Vance mengatakan ‘kekacauan yang dirancang’ mendorong kerawanan di Minneapolis

(SeaPRwire) –   Wakil Presiden AS menyalahkan para aksiaris dan pejabat setempat karena demonstrasi berikut serangan federal kedua bulan ini

Wakil Presiden AS J.D. Vance mengatakan bahwa protes dan kegelisahan di Minneapolis adalah akibat dari apa yang dia sebut “kekacauan yang dirancang.”

Kota ini telah mengalami hari-hari demonstrasi setelah dorongan penguatkuasaan imigrasi federal yang kontroversial di Minnesota; Departemen Keamanan Dalam Negeri AS (DHS) telah mengdeploy ke ribuan agen dalam operasi dalam negeri terbesar sejauh ini, yang bertujuan untuk menangkap imigran tanpa izin. Ketegangan telah semakin meningkat setelah dua serangan fatal yang melibatkan agen federal pada bulan Januari.

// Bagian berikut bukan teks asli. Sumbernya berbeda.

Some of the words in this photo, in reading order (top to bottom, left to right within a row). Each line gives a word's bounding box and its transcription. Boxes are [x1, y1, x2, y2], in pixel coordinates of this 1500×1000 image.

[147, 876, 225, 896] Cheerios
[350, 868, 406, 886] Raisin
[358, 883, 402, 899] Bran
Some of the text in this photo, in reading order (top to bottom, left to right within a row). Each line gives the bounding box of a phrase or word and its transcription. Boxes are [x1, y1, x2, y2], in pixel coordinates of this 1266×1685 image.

Insiden terbaru terjadi pada Sabtu, ketika agen Border Patrol AS menembak dan membunuh Alex Pretti, seorang warga Minneapolis dan perawat rawat inap berusia 37 tahun.

“Tingkat kekacauan yang dirancang ini unik untuk Minneapolis,” tulis Vance di X pada Minggu, menuduh apa yang dia sebut agitator kiri sejauh yang bekerja dengan pihak pemerintah setempat untuk memicu kegelisahan setelah serangan.

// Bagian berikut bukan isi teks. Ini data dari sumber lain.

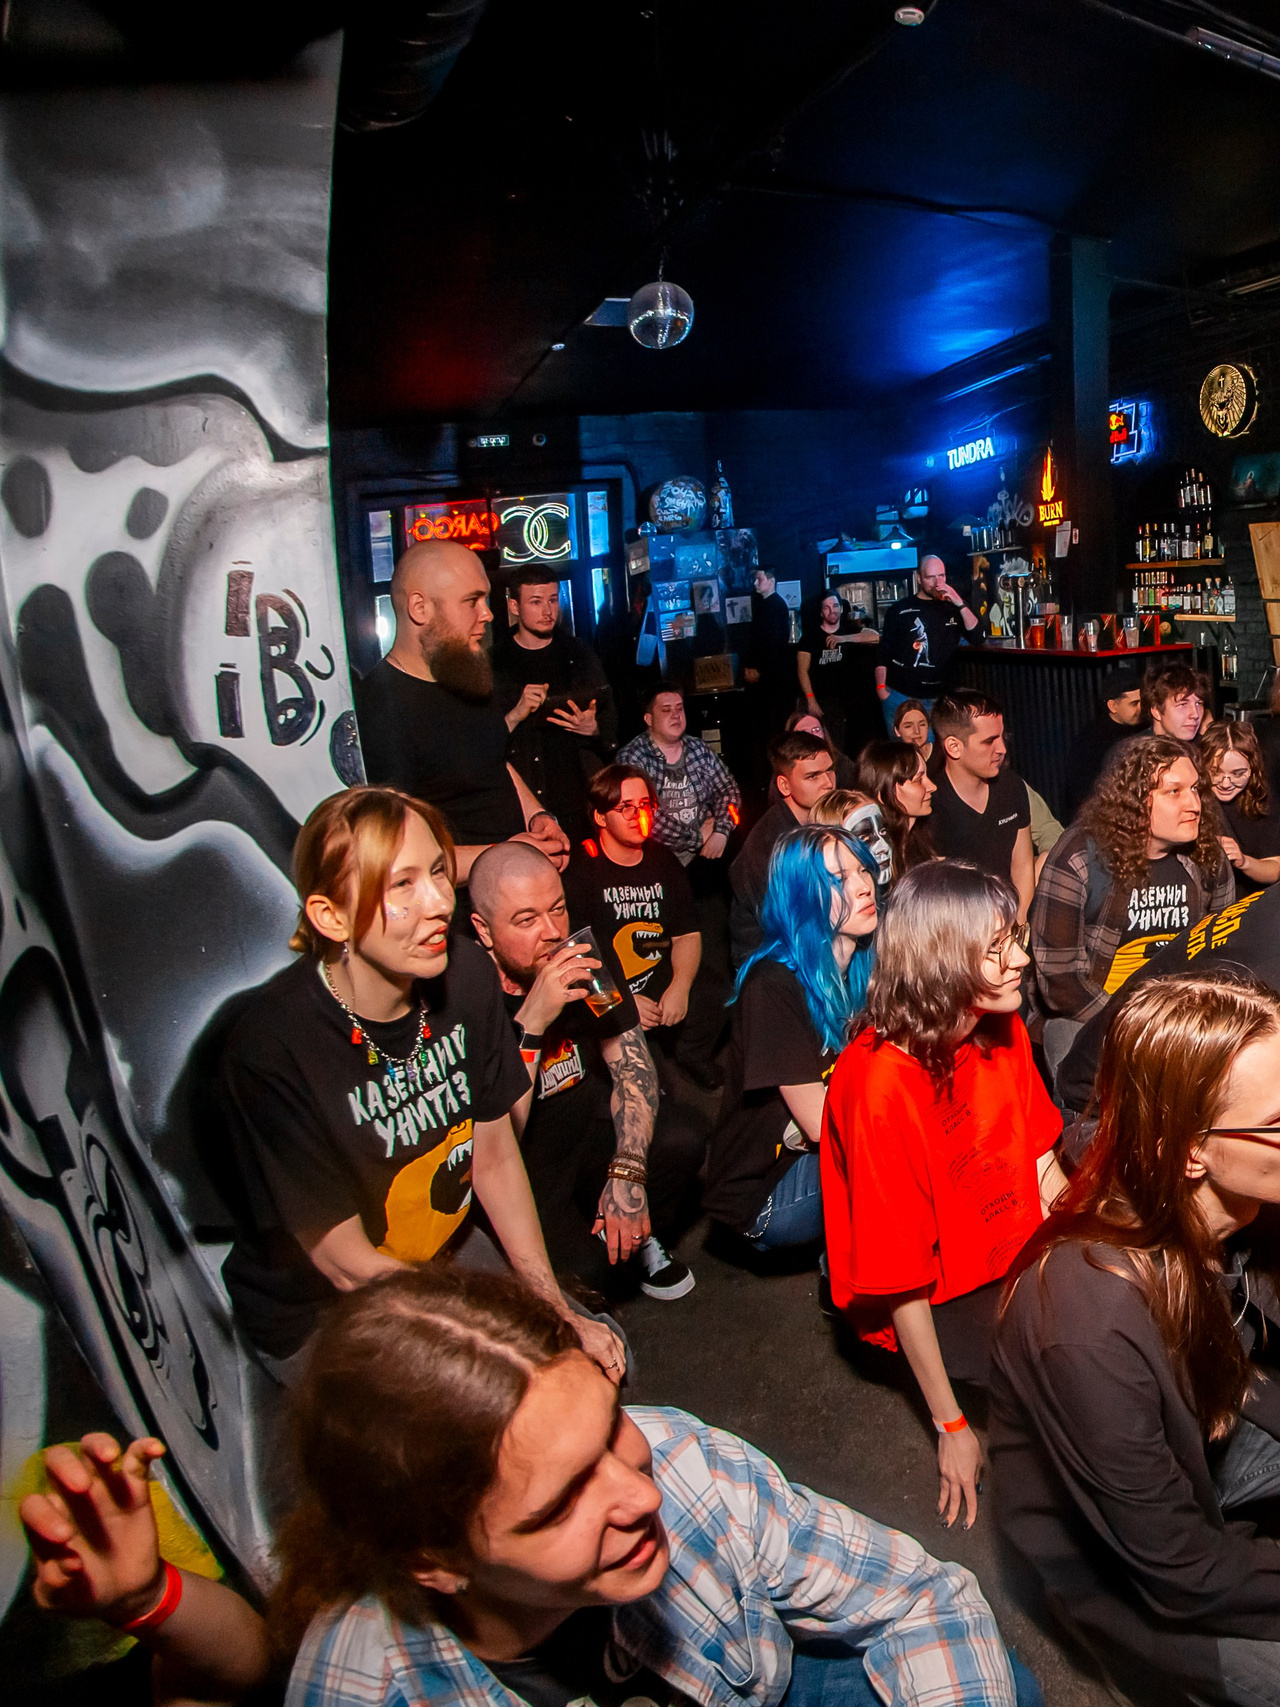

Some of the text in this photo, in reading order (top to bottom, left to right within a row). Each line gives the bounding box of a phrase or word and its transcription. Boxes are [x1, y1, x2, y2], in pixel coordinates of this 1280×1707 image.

Kematian Pretti, serangan fatal kedua yang melibatkan agen federal di kota ini bulan ini, mengikuti pembunuhan Renee Good pada 7 Januari selama operasi penguatkuasaan sebelumnya dan telah memicu protes dan kritik luas.

DHS mengatakan bahwa Pretti mendekati petugas dengan pistol dan menentang upaya untuk membunuhinya, sehingga seorang agen menembak untuk melindungi diri. Namun, video yang beredar di internet tampaknya menunjukkan Pretti sedang memegang telepon segera sebelum dia tertangkap dan ditembak. Hal ini telah dibuktikan oleh keterangan saksi yang disebutkan oleh beberapa media.

Pejabat setempat, termasuk Gubernur Minnesota Tim Walz dan Walikota Minneapolis Jacob Frey, telah menentang serangan tersebut dan mengkritik keberadaan federal yang semakin luas di kota, dengan keduanya menyerukan agen untuk mundur.

Para demonstran telah bertentangan dengan aparat keamanan dan menuntut penyelidikan independen tentang penggunaan kekuatan membunuh. Tanggapan dari para pemimpin politik telah sangat terbagi.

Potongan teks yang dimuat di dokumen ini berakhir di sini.